TASK DIRECTIONS: Return the listing below exactly as it stands. Pictures stay out.

GIVEN DATA:
****************************************

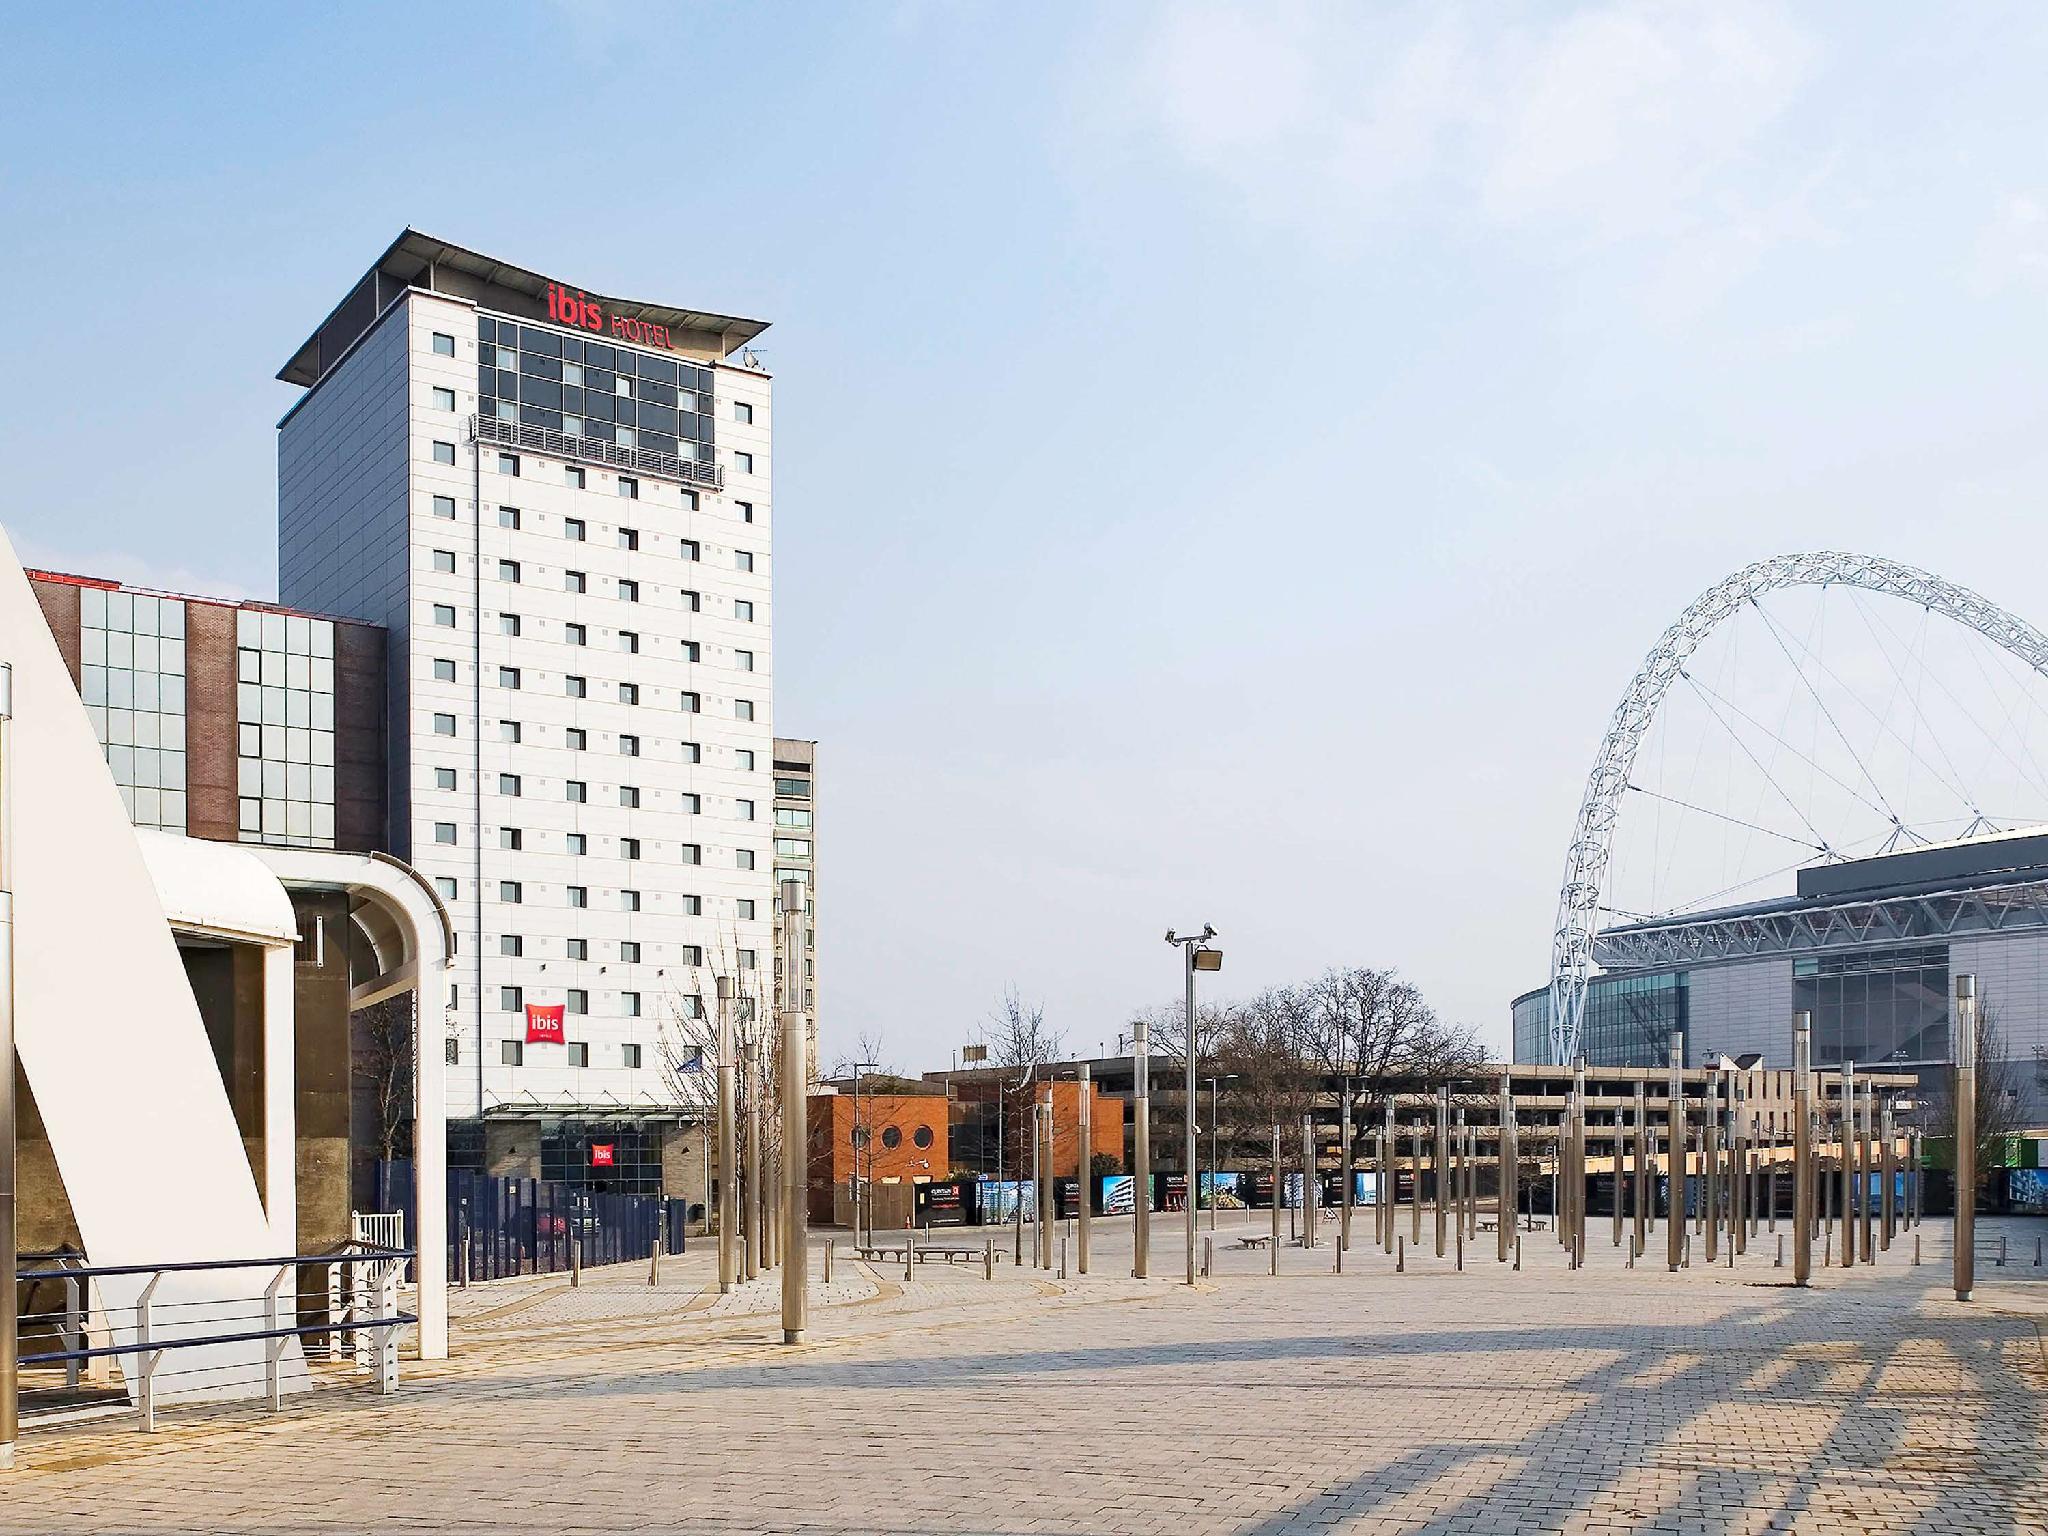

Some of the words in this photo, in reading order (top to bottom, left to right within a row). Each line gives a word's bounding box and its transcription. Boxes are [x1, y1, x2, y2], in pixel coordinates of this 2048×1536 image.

[548, 282, 602, 331] ibis
[610, 312, 676, 350] HOTEL
[532, 1014, 559, 1030] ibis
[595, 1149, 611, 1159] ibis

****************************************

RESULT BELOW:
Some of the words in this photo, in reading order (top to bottom, left to right within a row). Each line gives a word's bounding box and its transcription. Boxes are [x1, y1, x2, y2], in pixel coordinates of this 2048×1536 image.

[548, 282, 602, 331] ibis
[610, 312, 676, 350] HOTEL
[532, 1014, 559, 1030] ibis
[595, 1149, 611, 1159] ibis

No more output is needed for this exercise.